- [Task]
Once every line below with "Kodak" has been counted, state the total and nothing else.

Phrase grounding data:
○ ○ ○ ○ ○
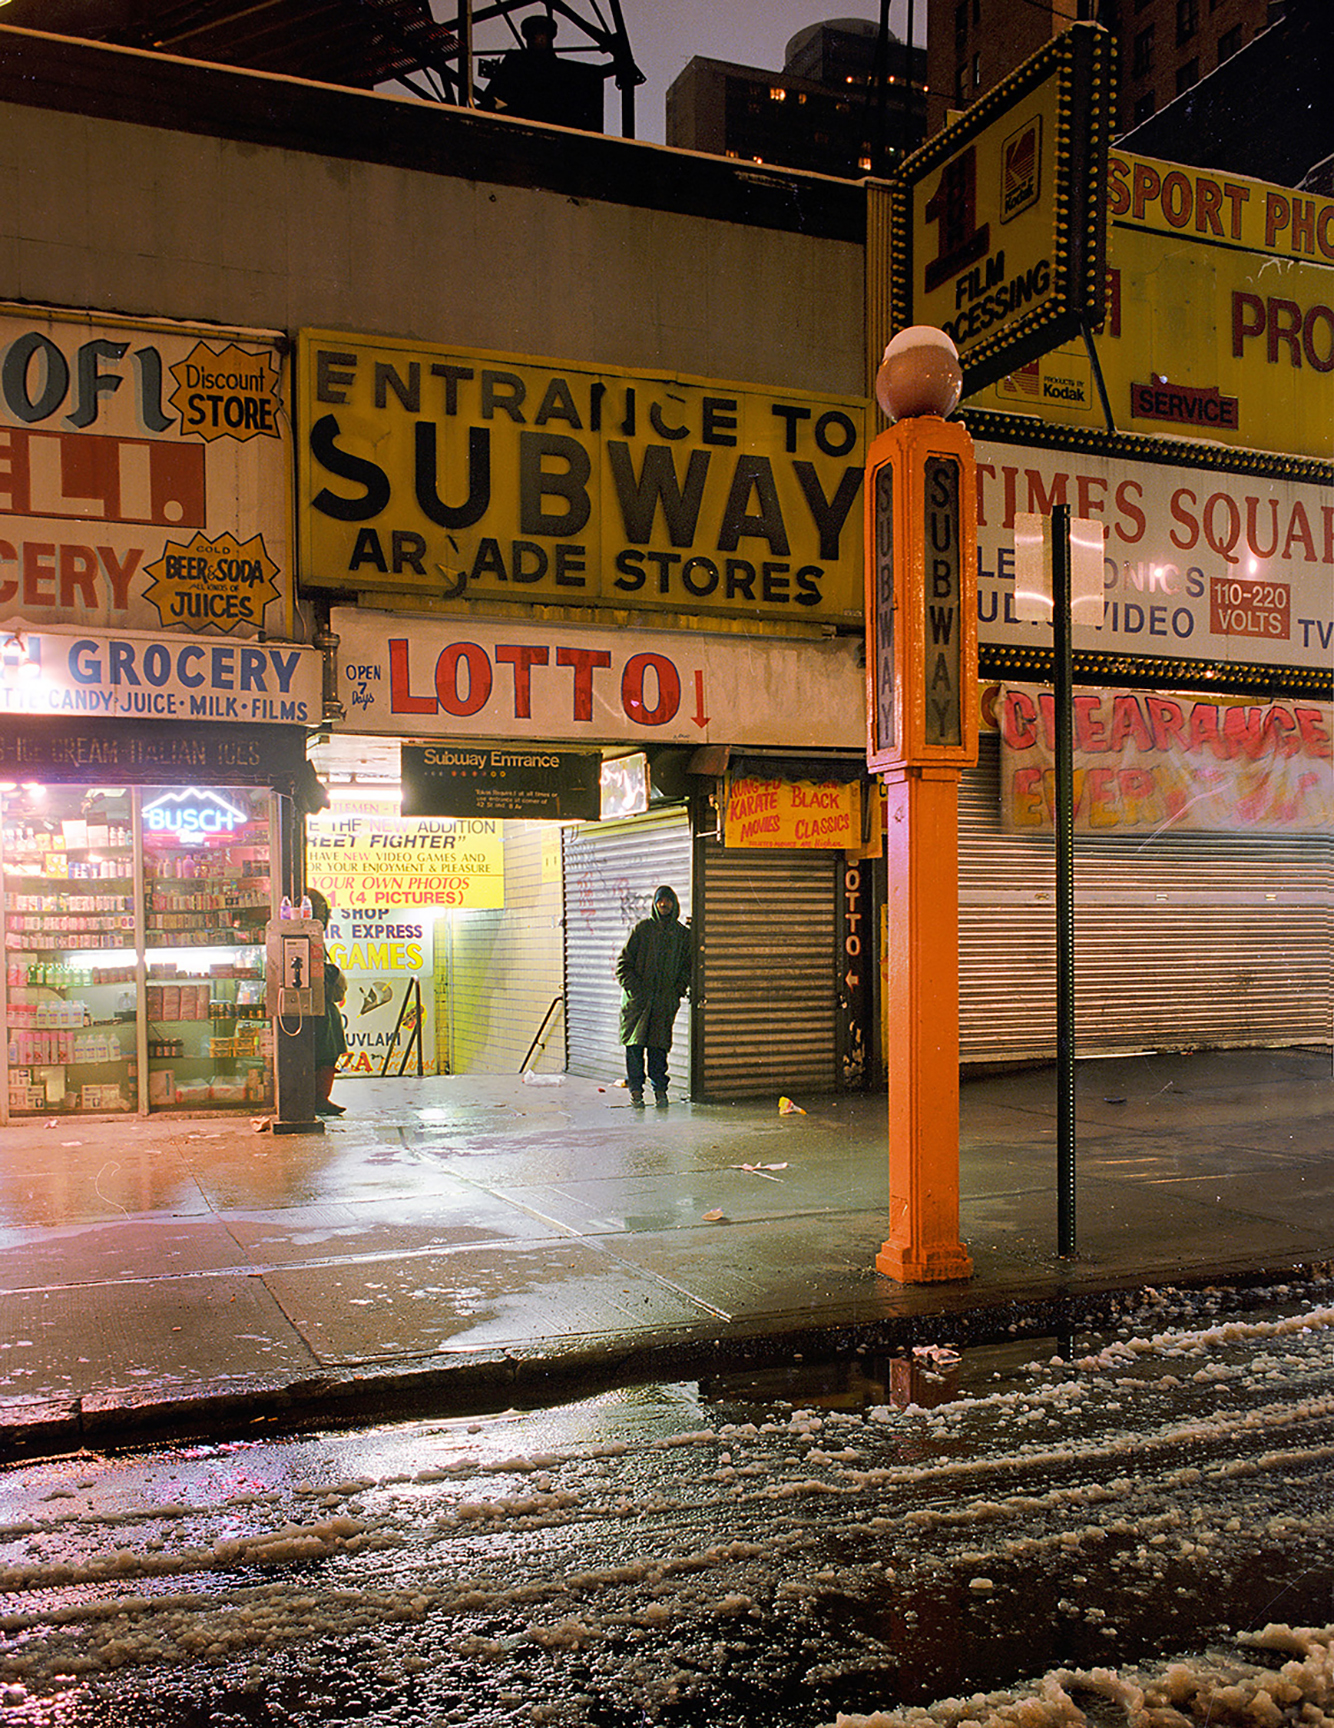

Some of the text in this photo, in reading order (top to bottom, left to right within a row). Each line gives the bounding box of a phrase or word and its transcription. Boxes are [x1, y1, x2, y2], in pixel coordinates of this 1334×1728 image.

[1004, 182, 1035, 215] Kodak
[1107, 157, 1250, 241] SPORT
[925, 144, 990, 294] 1
[955, 250, 1005, 310] FILM
[1232, 290, 1334, 373] PRO
[186, 364, 265, 392] Discount
[1044, 375, 1075, 387] PRODUCTS
[1043, 383, 1085, 402] Kodak
[187, 393, 274, 431] STORE
[1138, 388, 1234, 425] SERVICE
[772, 403, 857, 458] TO
[0, 432, 184, 522] LI.
[310, 413, 866, 561] SUBWAY
[196, 545, 231, 554] COLD
[189, 583, 205, 591] ALL
[229, 584, 240, 592] OF
[615, 549, 826, 607] STORES
[170, 591, 254, 618] JUICES
[878, 473, 894, 741] SUBWAY
[929, 468, 954, 738] SUBWAY
[1214, 583, 1287, 609] 110-220
[1218, 608, 1282, 635] VOLTS
[1297, 618, 1334, 650] TV
[68, 639, 302, 694] GROCERY
[346, 664, 381, 681] OPEN
[357, 681, 367, 695] 7
[388, 638, 681, 727] LOTTO
[48, 688, 114, 711] CANDY
[119, 691, 177, 715] JUICE
[190, 695, 239, 718] MILK
[252, 698, 308, 722] FILMS
[351, 690, 375, 711] Days
[52, 736, 118, 763] CREAM
[424, 749, 560, 770] Subway Entrance
[729, 791, 778, 822] KARATE
[790, 785, 840, 809] BLACK
[149, 807, 234, 831] BUSCH
[330, 817, 362, 832] THE
[369, 819, 409, 833] NEW
[417, 819, 496, 834] ADDITION
[740, 814, 781, 842] MOVIES
[794, 813, 850, 840] CLASSICS
[310, 851, 486, 863] HAVE NEW VIDEO GAMES AND
[327, 862, 358, 872] YOUR
[362, 863, 425, 873] ENJOYMENT
[428, 863, 437, 873] &
[441, 863, 491, 874] PLEASURE
[312, 876, 471, 890] YOUR OWN PHOTOS
[341, 908, 389, 920] SHOP
[352, 924, 423, 939] EXPRESS
[329, 942, 424, 971] GAMES
○ ○ ○ ○ ○
- [Answer to this exercise]
2